Accounting for goodwill: a historical review.

AuthorFeleaga, Liliana

    The development of industrial mass production has lead to a major change in the business world. The property function assumed by investors has gradually been entirely separated from the leadership function assumed by the managers. Additionally, the development of goodwill paralleled the development of business enterprise (Hughes, 1982). As the form of businesses changed from individual enterprises to corporations, goodwill was no longer attached to its owner's personality and became potentially transferable to other entities (Garcia).

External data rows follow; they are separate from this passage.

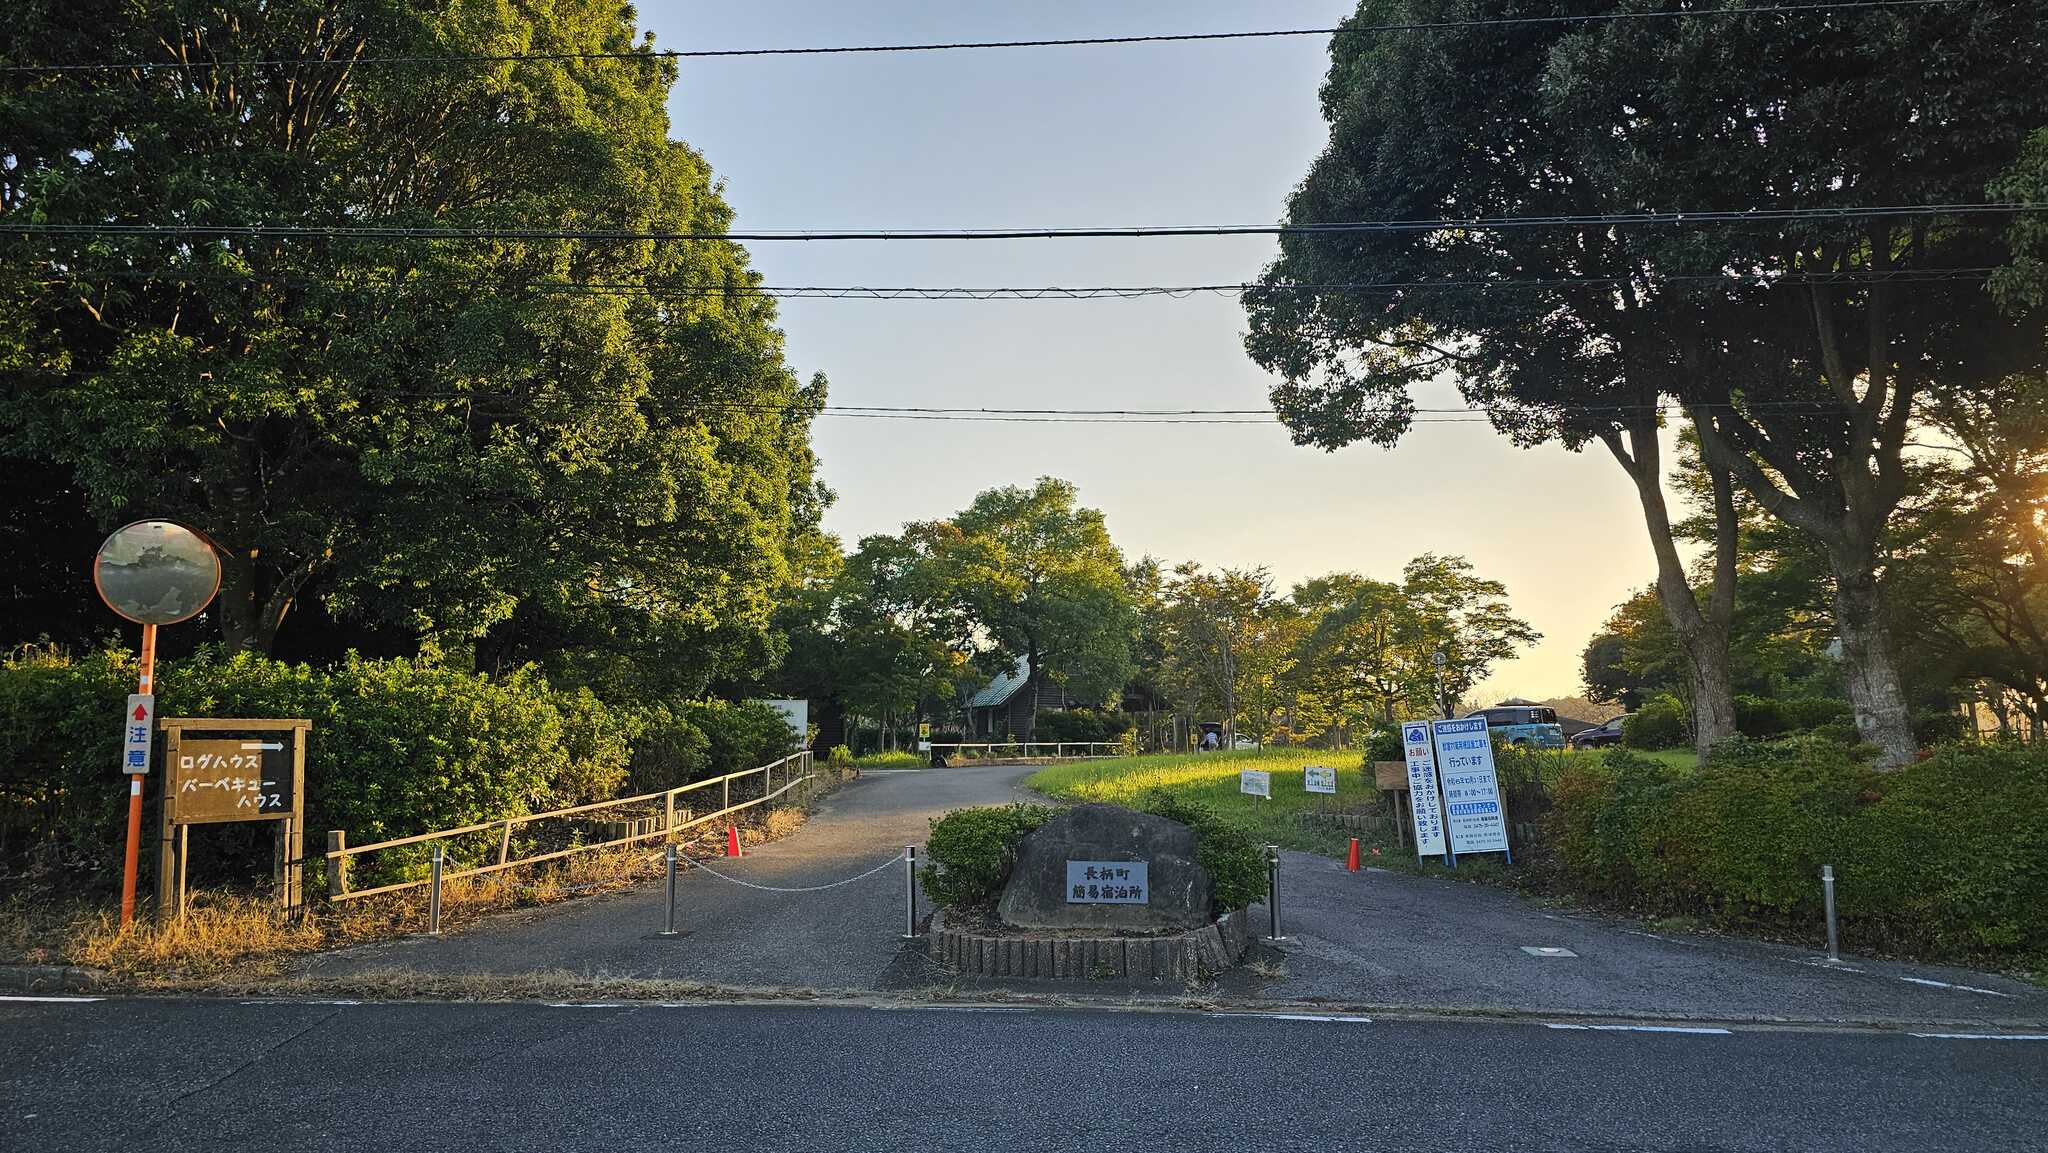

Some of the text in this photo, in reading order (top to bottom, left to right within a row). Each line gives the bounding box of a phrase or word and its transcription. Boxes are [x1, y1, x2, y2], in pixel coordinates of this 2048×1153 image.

[127, 726, 148, 767] 注意
[1408, 747, 1430, 757] お願い
[180, 754, 259, 770] ログハウス
[1448, 756, 1483, 768] 行っています
[237, 793, 282, 808] ハウス
[1084, 866, 1130, 881] 長柄町
[1072, 884, 1142, 900] 簡易宿泊所

    The treatment of goodwill has also evolved in line with global institutional changes. For example, in the US, the Dominion Companies Act was amended in 1917 to force companies to issue shares only after the capital has been fully paid in. Therefore, the difference between the fair value of the shares involved in the transaction and the fair value of the net assets in the case of business combinations has been capitalized under the term of goodwill. The recognition of goodwill has created a lot of controversy in the accounting world, and its measurement has been the object of numerous debates. Hughes' review (1982) goes as far as saying that "the accounting literature on goodwill appeared in periodicals or newspapers, such as The Accountant starting with 1874".

    The purpose of the present study is to propose a historical review of accounting for goodwill, seeking to identify the recognition and measurement methods with may eventually find their place in the international generally accepted accounting principles (GAAP). The remainder of this paper is structured as follows: the next section analyses the notion of goodwill; this is followed by a description of the controversies regarding its recognition and evaluation; the fourth section presents the evolution of the accounting policies regarding goodwill in the international standards; the last section offers the conclusions of this paper and some recommendations for future research.

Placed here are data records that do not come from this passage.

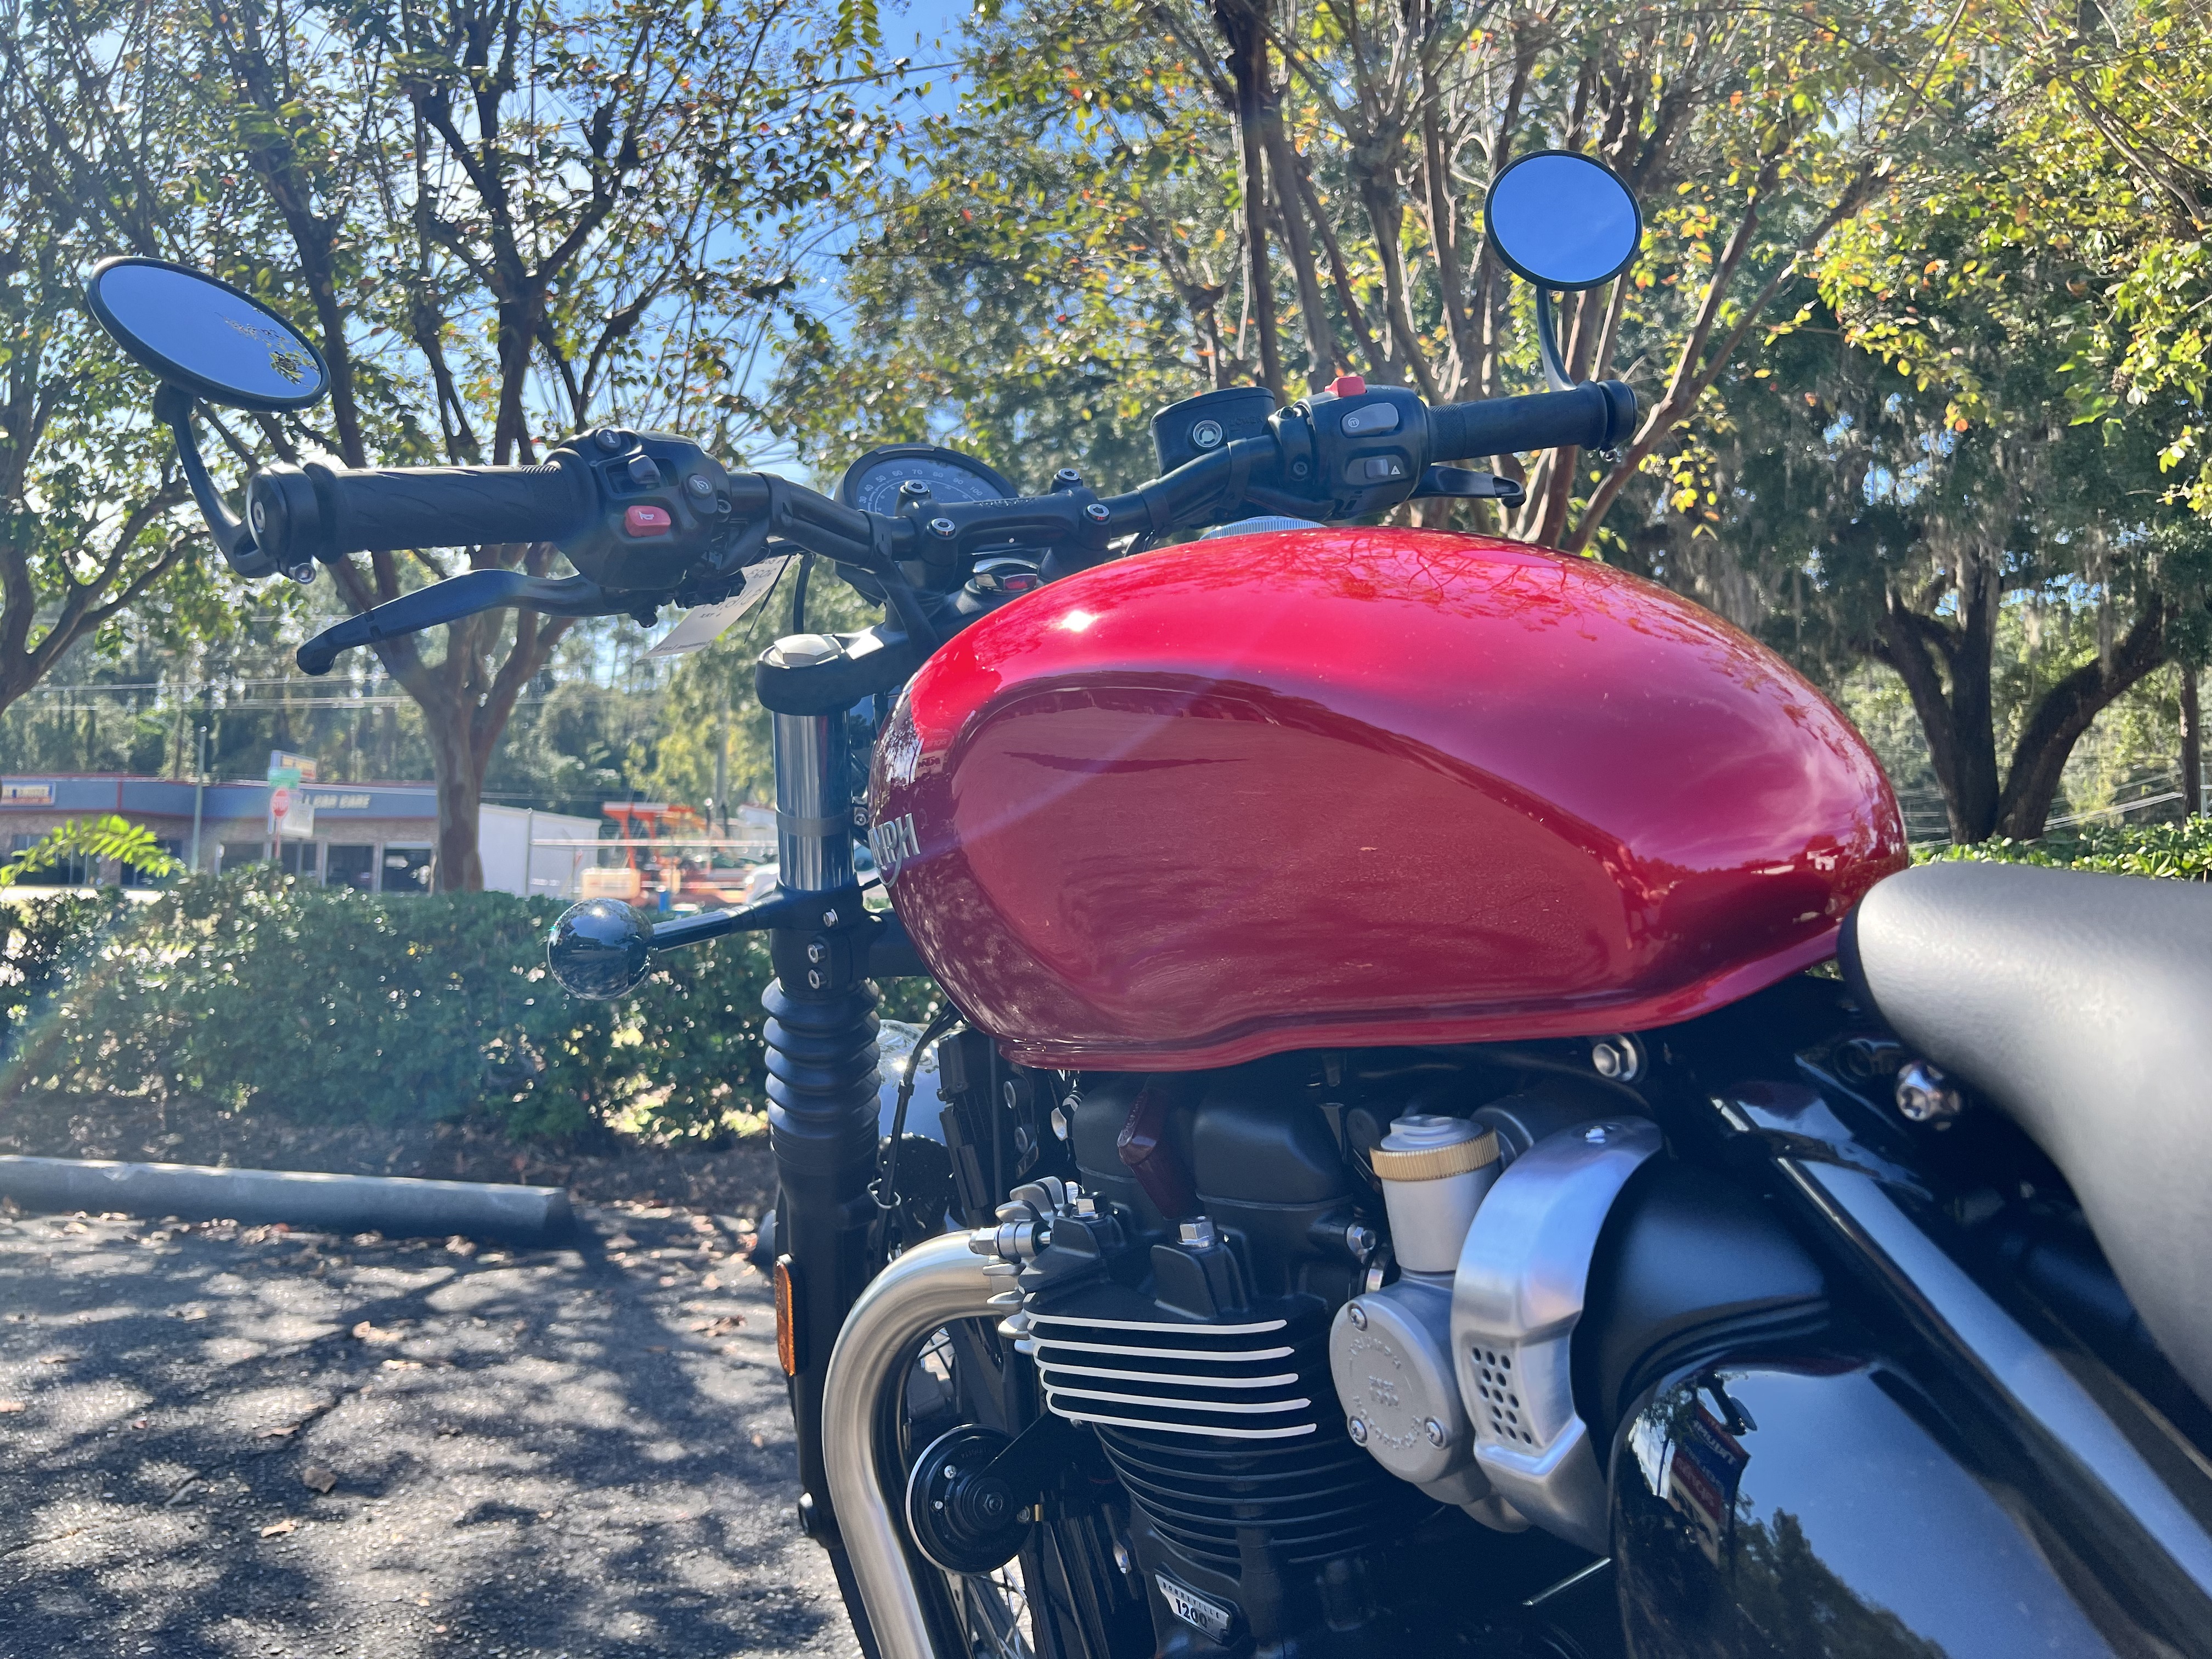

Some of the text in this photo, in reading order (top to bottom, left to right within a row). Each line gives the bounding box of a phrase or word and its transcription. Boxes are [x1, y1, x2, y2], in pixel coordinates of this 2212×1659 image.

[952, 477, 964, 486] 90
[864, 484, 874, 493] 40
[969, 486, 984, 496] 100
[859, 495, 867, 504] 30
[1175, 1598, 1208, 1628] 1200

    The issue of goodwill has been fiercely debated for many decades. In spite of numerous academic and practitioner efforts, there is still not widely accepted definition and recording method for goodwill. To clarify this notion, the scientific literature (Epingard, 1999) usually presents different methods regarding the measurement of goodwill, of which we acknowledge the following:

    * Goodwill is calculated as the difference between the global real value of an enterprise and the fair value of the identifiable elements as net assets. This subtractive method is preferred by professionals because it is straightforward, but it also has a major drawback since it does not account specifically for intellectual capital.

    * Goodwill can be determined on an additive procedure, by aggregating the value of its components (patents, licenses, trademarks, distribution networks etc.). The main drawback is that the additive method ignores the interdependence between the components of goodwill and its effects on the financial performance of the enterprise, thus being the least used method of calculation.

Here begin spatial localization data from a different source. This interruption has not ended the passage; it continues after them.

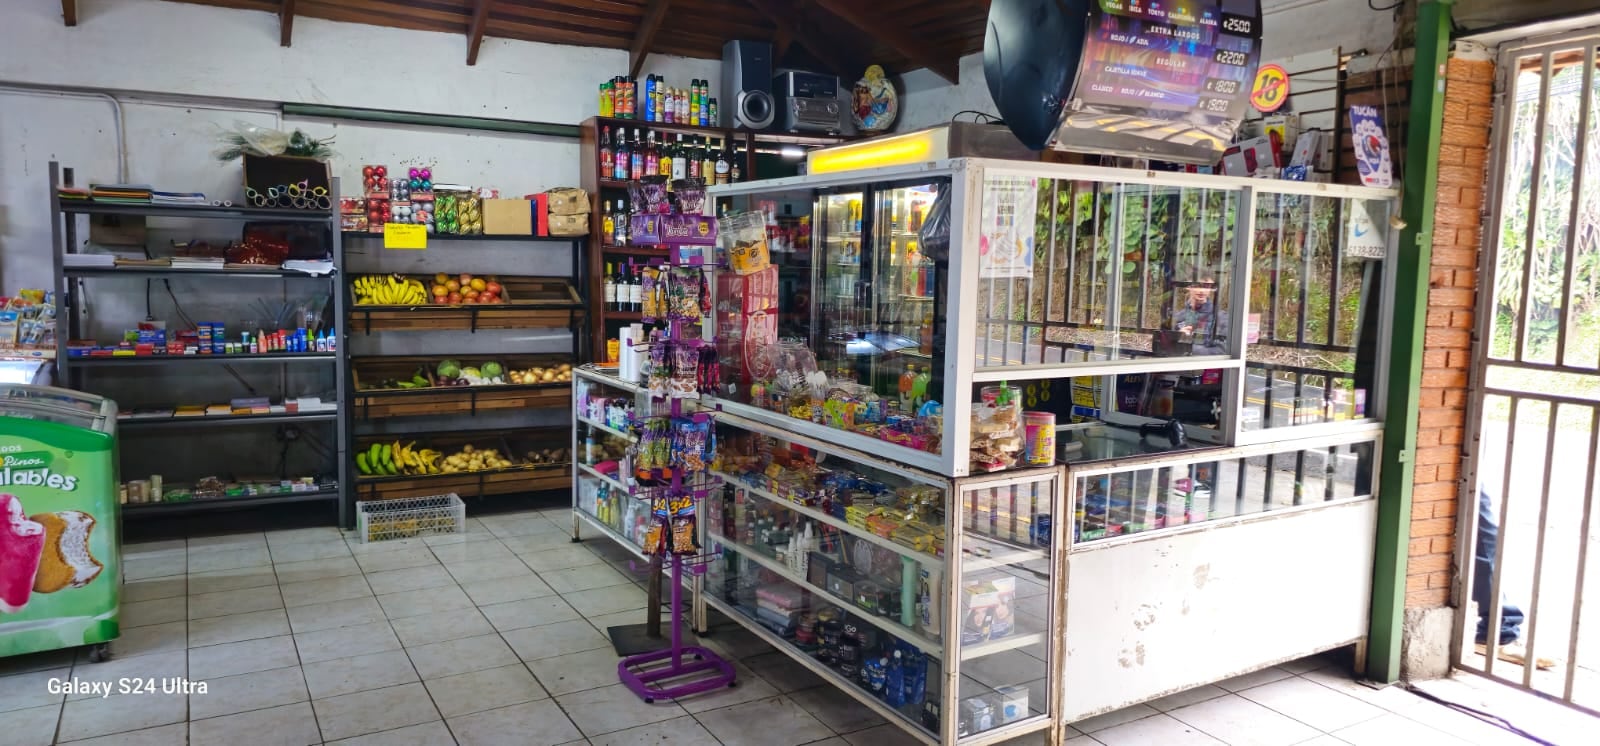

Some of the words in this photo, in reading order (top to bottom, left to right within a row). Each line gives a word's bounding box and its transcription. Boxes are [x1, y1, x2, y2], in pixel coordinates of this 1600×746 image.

[1150, 25, 1172, 35] EXTRA
[1173, 30, 1200, 40] LARGOS
[1156, 57, 1187, 68] REGULAR
[4, 456, 45, 467] Pinos
[0, 467, 77, 491] lables
[669, 495, 693, 515] 3x2

    * Goodwill can also be determined based on the estimation of managers regarding the capacity of the enterprise to produce a return superior to that from a riskless investment of capital. From a practical standpoint, this method entails the identification of future cash flows, of outflows to shareholders in the form of dividends and of the surplus from selling the control in the company.

    Within the limits of the International Financial Reporting Standards (IFRS), goodwill is an asset representing the future economic benefits arising from other assets acquired in a business combination that are not individually identified and separately recognized (IFRS 3, 2007). The definition effectively confirms that the value of the business overall is more than the sum of the accountable and identifiable net assets.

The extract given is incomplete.